Kaire led them through the warren of tunnels with only the barest hesitation when they reached branches in the route. Personally, Dax thought it would be an ice skating festival in hell before he’d walk down a tunnel like this without shoes, but she splashed through the water as readily as if she was in waterproofs. He caught up with her, while Athellus came on behind them, out of earshot and apparently lost in thought.

After a time, Kaire said: “Something up?”

“Yeah. Is your partner always like this?”

She tossed a quick glance over her shoulder. “I think he’s still shaken up by what happened, out on Lailenus Street. Seeing Adree Aeslin again…”

“You said they grew up together.”

“That’s right. But when Athellus left the Evinthei…” She seemed to collect her thoughts. “He lost a lot of things. Adree was one of them. They were close. Sending her to capture him was a masterful idea.”

“She shot that soldier of hers in cold blood,” said Dax, quietly, remembering. “That was brutal. It must have been hard for him to watch.”

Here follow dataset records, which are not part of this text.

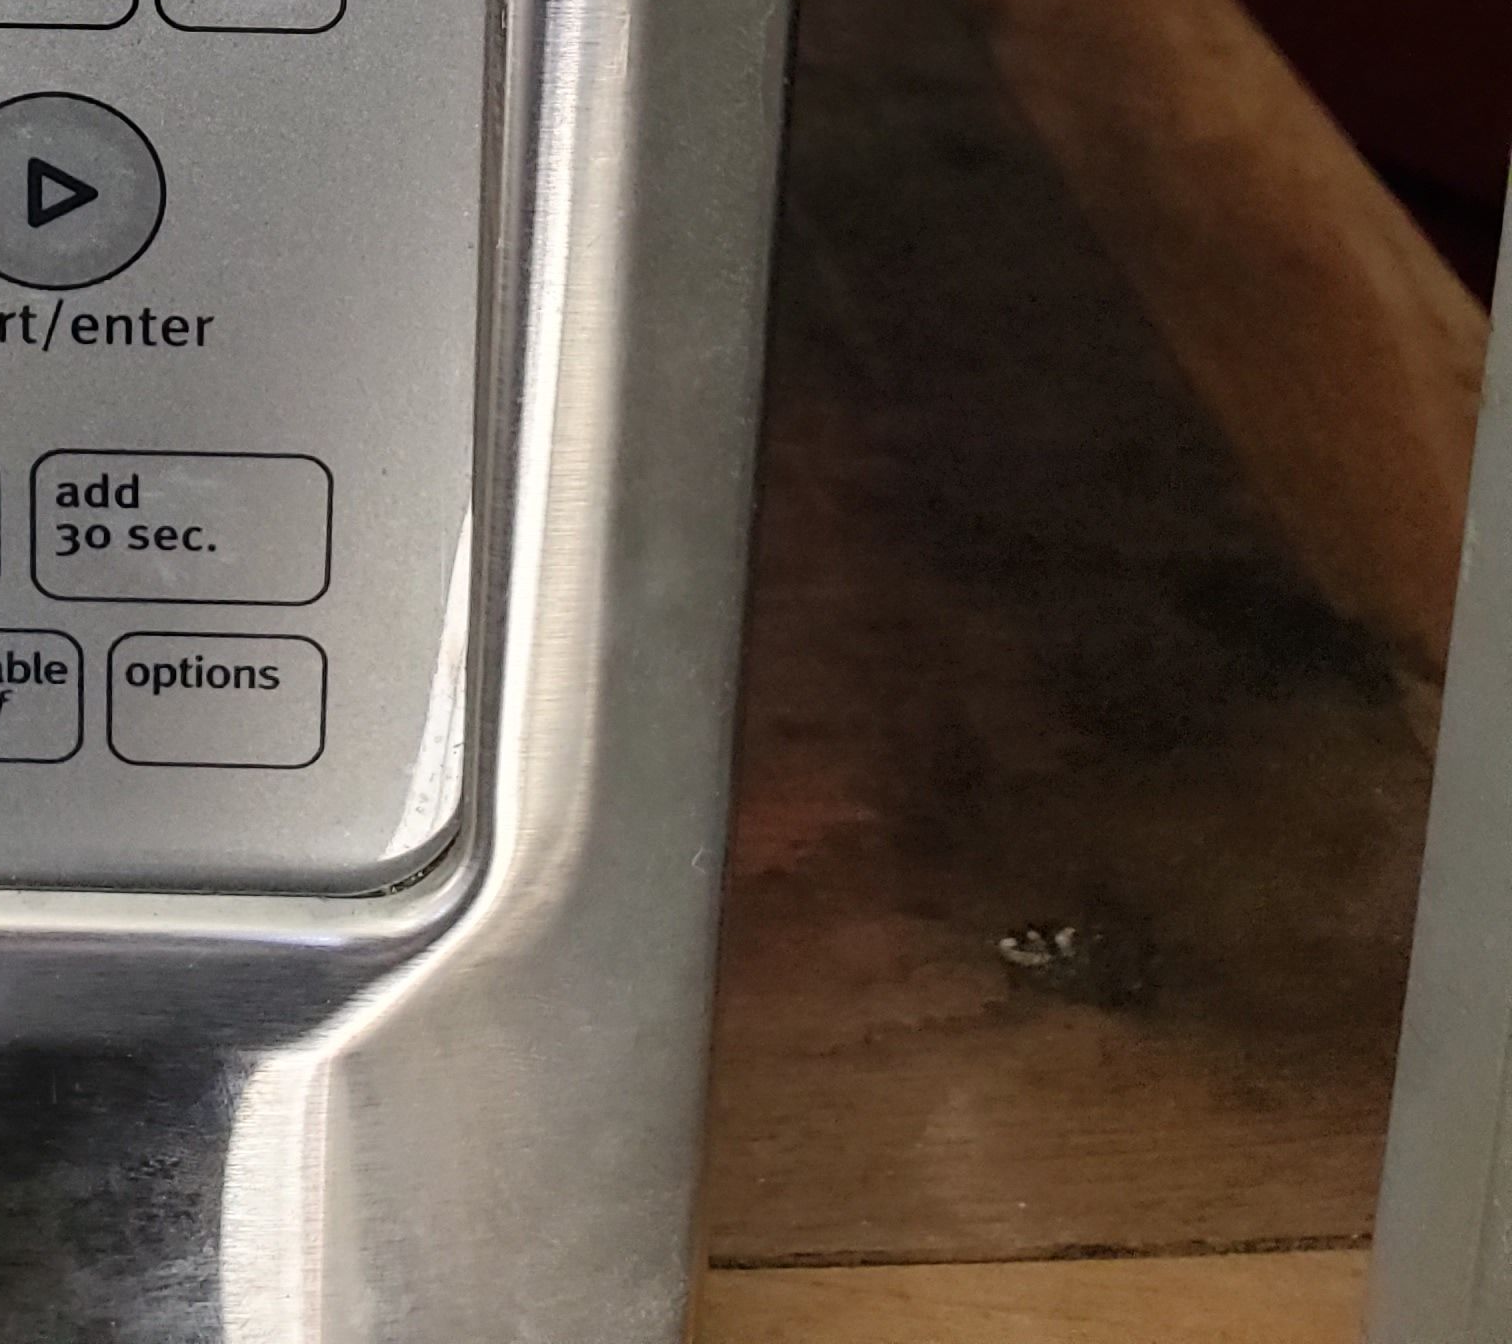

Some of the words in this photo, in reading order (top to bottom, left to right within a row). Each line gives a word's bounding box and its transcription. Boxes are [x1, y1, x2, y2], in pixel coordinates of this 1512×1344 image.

[56, 473, 139, 509] add
[56, 524, 111, 556] 30
[128, 525, 216, 552] sec.
[126, 655, 280, 695] options
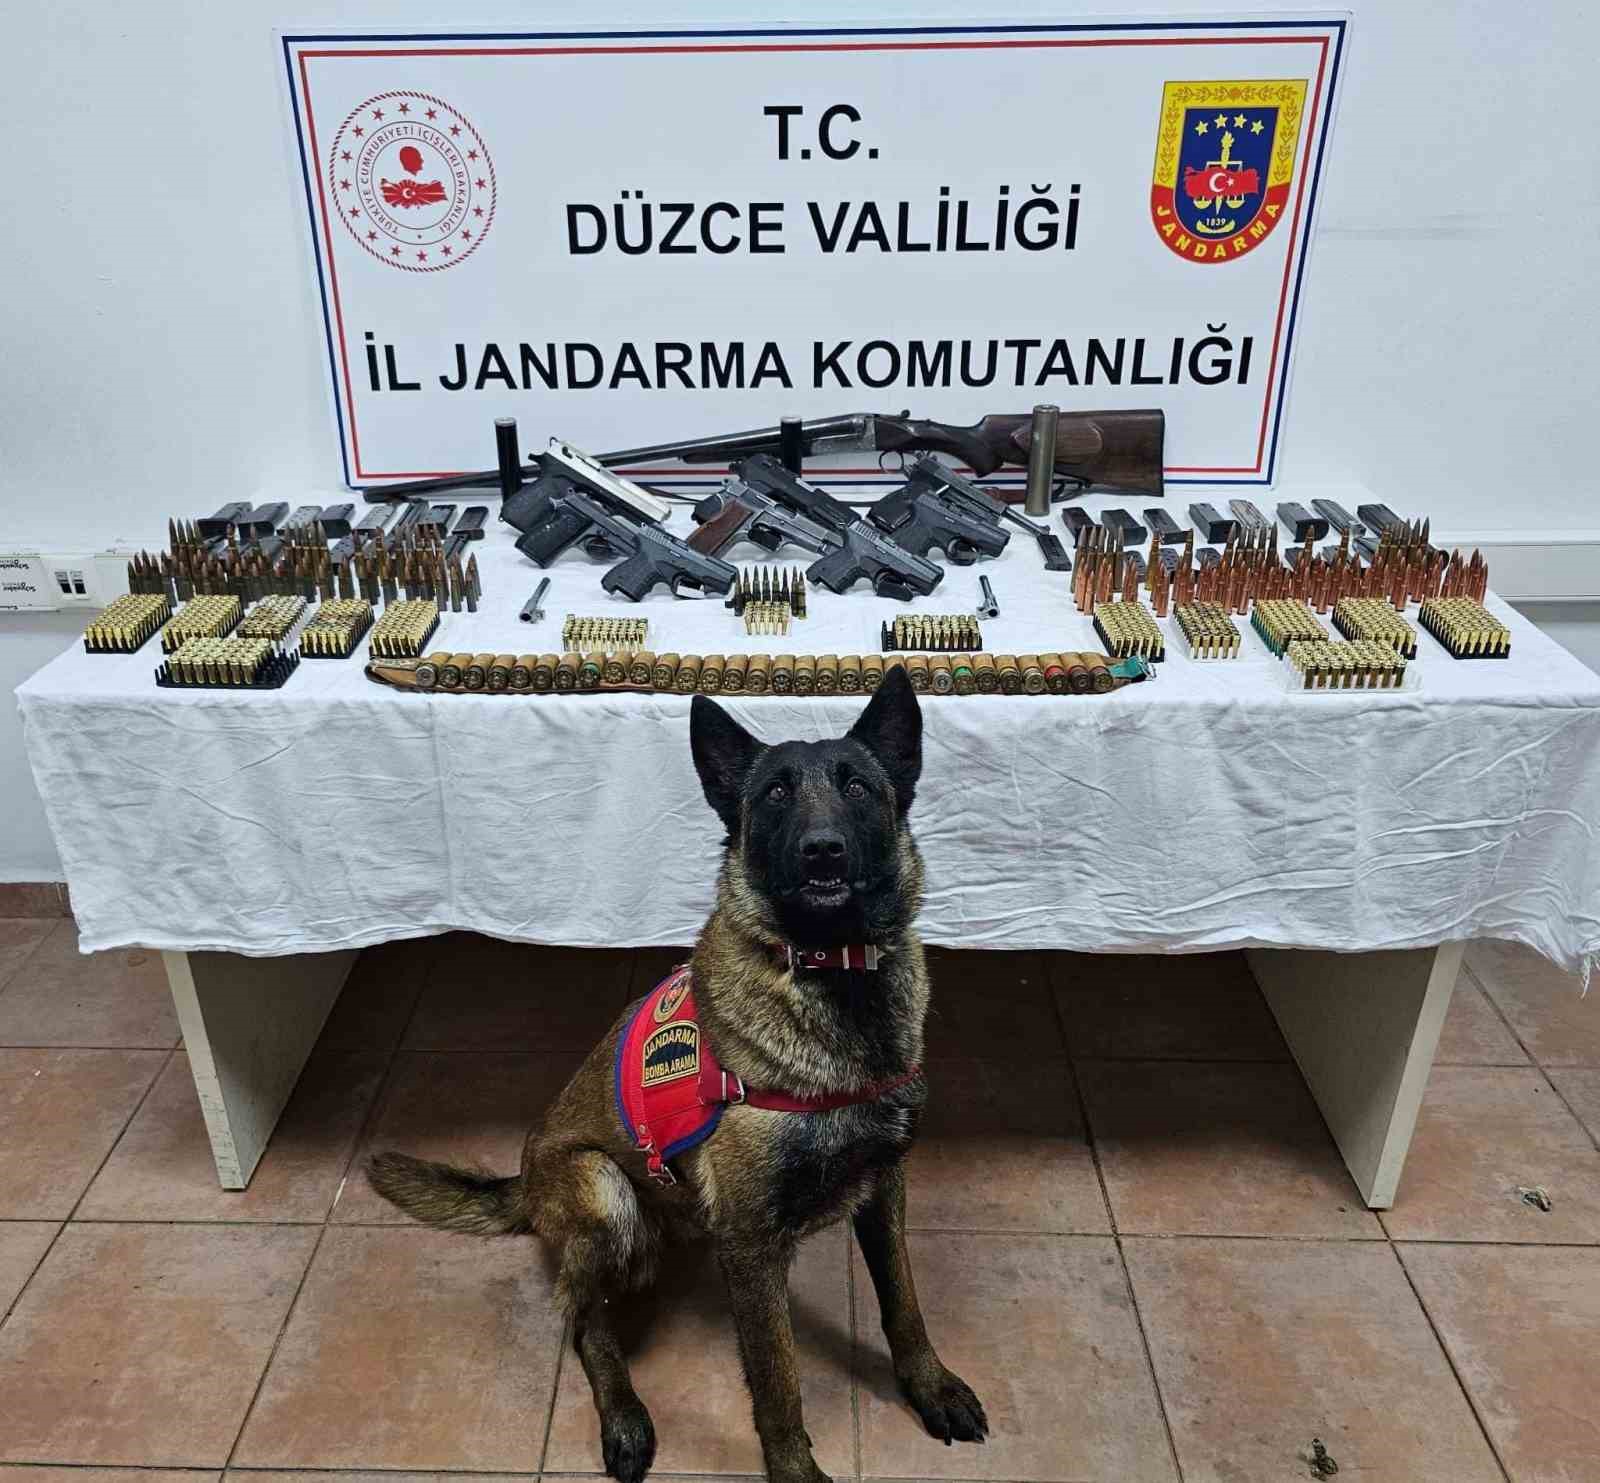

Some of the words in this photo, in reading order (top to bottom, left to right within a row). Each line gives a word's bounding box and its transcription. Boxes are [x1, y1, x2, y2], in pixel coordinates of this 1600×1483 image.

[763, 104, 879, 160] T.C.
[566, 190, 785, 255] DÜZCE
[807, 183, 1081, 254] VALİLİĞİ
[1157, 204, 1280, 258] JANDARMA
[1206, 217, 1227, 227] 1839
[364, 331, 421, 391] İL
[439, 341, 793, 391] JANDARMA
[813, 323, 1254, 389] KOMUTANLIĞI
[645, 1028, 696, 1059] JANDARMA
[645, 1062, 670, 1079] BOMBA
[671, 1054, 696, 1072] ARAMA

Kaire studied him, almost curiously, and he thought of steel spines flashing, blood on the ground.  In this light, the markings on her face were even darker, her eyes unfathomable. For the first time out of combat, the fact she wasn’t human was deeply underscored in his thoughts. But without those marks and her hair, she could walk down Oxford Street and not turn a head. Maybe she was human, once, and something happened, something terrible, and now she’s – what? She feels, but just what she’s feeling…that’s a good question…

“Adree had her reasons for killing that soldier,” Kaire said, very low. “But Athellus won’t discuss it, and it would be unwise to bring it up.”

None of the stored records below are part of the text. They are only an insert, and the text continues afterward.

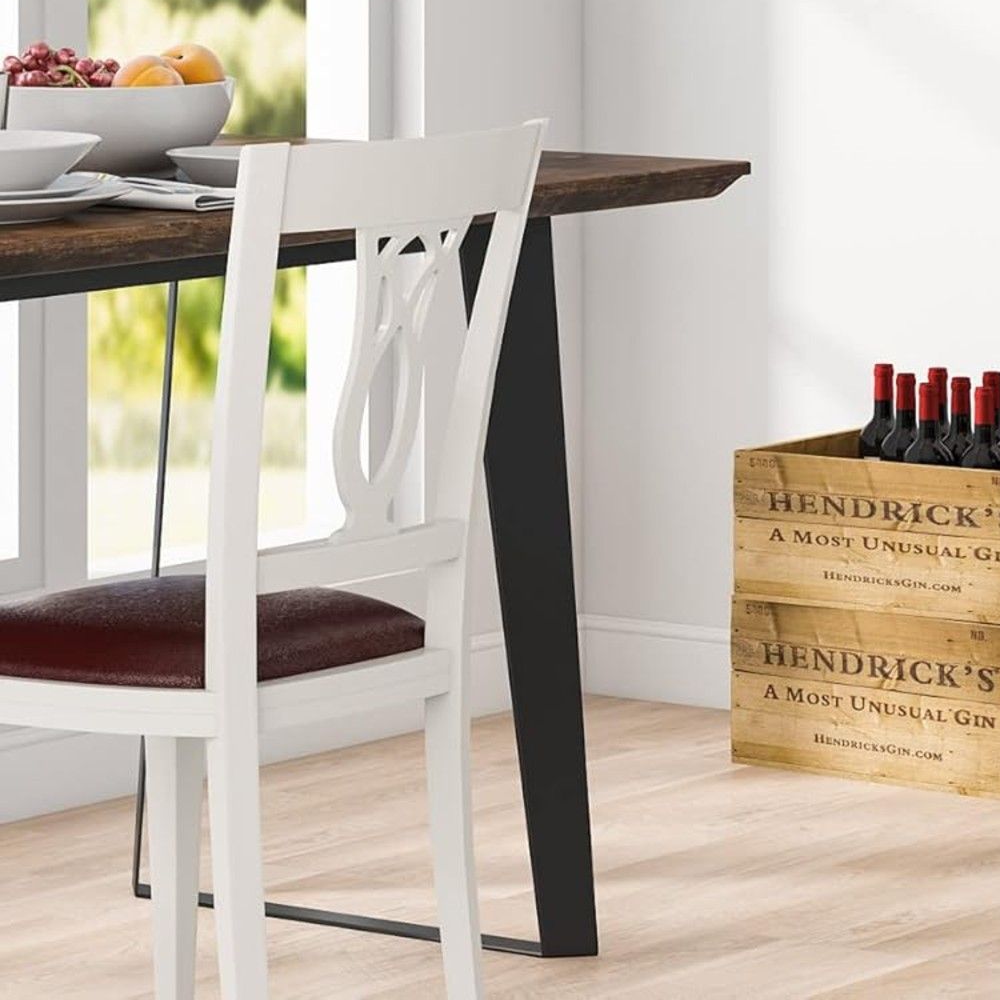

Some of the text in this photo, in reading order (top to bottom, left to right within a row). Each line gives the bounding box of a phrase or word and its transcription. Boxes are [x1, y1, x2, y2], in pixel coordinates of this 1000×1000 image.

[769, 528, 785, 542] A
[761, 642, 997, 693] HENDRICK'S
[763, 684, 779, 700] A
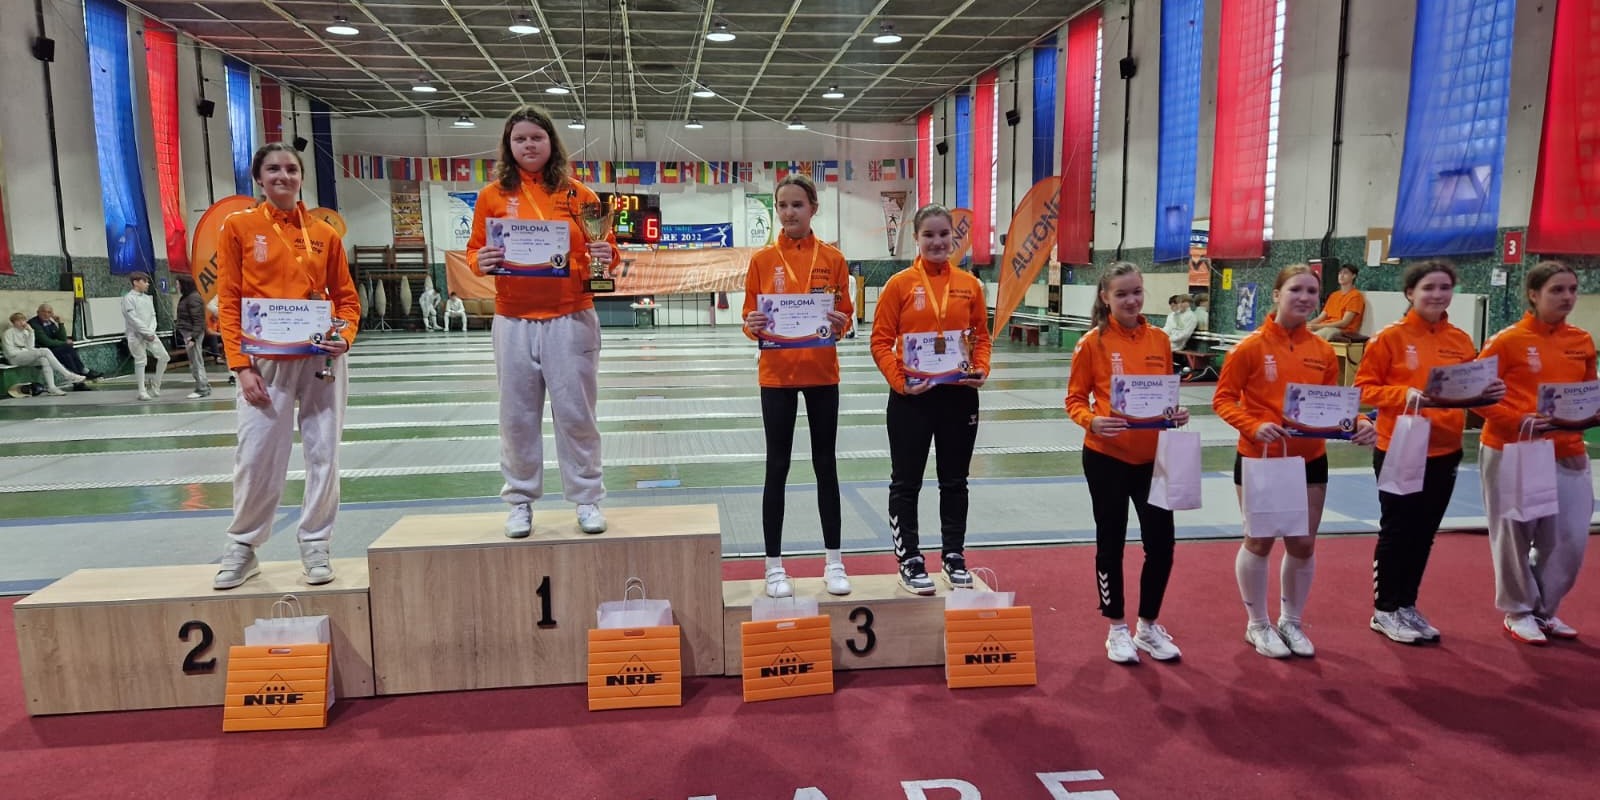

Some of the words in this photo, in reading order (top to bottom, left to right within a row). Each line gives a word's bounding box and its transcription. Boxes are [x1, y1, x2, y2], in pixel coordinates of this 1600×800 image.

[646, 218, 658, 238] 6
[1508, 239, 1517, 256] 3
[536, 576, 557, 628] 1
[846, 606, 877, 656] 3
[178, 620, 217, 675] 2
[965, 652, 1017, 665] NRF
[760, 662, 816, 678] NRF
[606, 673, 663, 687] NRF
[243, 693, 304, 707] NRF

“Whatever her reasons, I hope she’ll listen to me,” Dax replied. “She’s my best chance of living to see Christmas. If you even have that here…”

“Shhhh,” said Kaire suddenly. “Hear that?”

“Hear what?”

“The echoes are changing.” Athellus caught up behind them, at a jog. “I think this is it.”

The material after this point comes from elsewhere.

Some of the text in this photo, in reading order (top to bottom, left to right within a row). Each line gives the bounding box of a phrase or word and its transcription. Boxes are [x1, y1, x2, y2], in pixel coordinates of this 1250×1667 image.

Dax reached out and put a hand on the wall. Instead of damp crumbling bricks, the tunnel was lined with tiles, cracked and dirty with age and neglect. In the torchlight, he could see that the tunnel came to an end up ahead, with a ladder dropping down from above, connected to a hatch in the ceiling.

“We’re here,” Kaire said, her teeth resting on her lip lightly. “Let’s just hope no rubble’s blocking the hatch.” She scaled the ladder nimbly and took a look at it. “It doesn’t look dented… All yours, ‘Thel.”

Athellus let her jump down, then went up. Dax held the torch for him, pointing up at the hatch, which was locked with a mechanism that snapped shut like the hatch in a submarine. Athellus bent a piece of wire and fiddled with the mechanism for a while, then, satisfied, pulled a switch on one side. The mechanism freed itself and the hatch seal hissed open. With an elbow bent, Athellus pushed up on the hatch and it came open easily. Late afternoon sunlight fell past him in rays.

“Score one for us,” he said with a grin, climbing out. Delicious, fresh air wafted down to Dax. He could feel himself straining towards the light and wind. Kaire crouched, then jumped vertically, pulling herself out. She stuck a hand down to help Dax. “Feels like I need a bath after all that,” she said.

Dax clambered up the ladder and let her help him up. Her grip was as powerful as he remembered, as if there was steel under her skin instead of bones. Then he was out in the open air and he didn’t care about anything else.

“Feels like we were down there for days,” he said, stretching. “Which way now?”

“Nowhere,” Kaire said from behind him. “We’re here.”

Dax turned towards her, expecting to see more ruins, maybe another of those shrines like the one he had arrived when he first came here. But the building which actually stood before them – this, he hadn’t expected.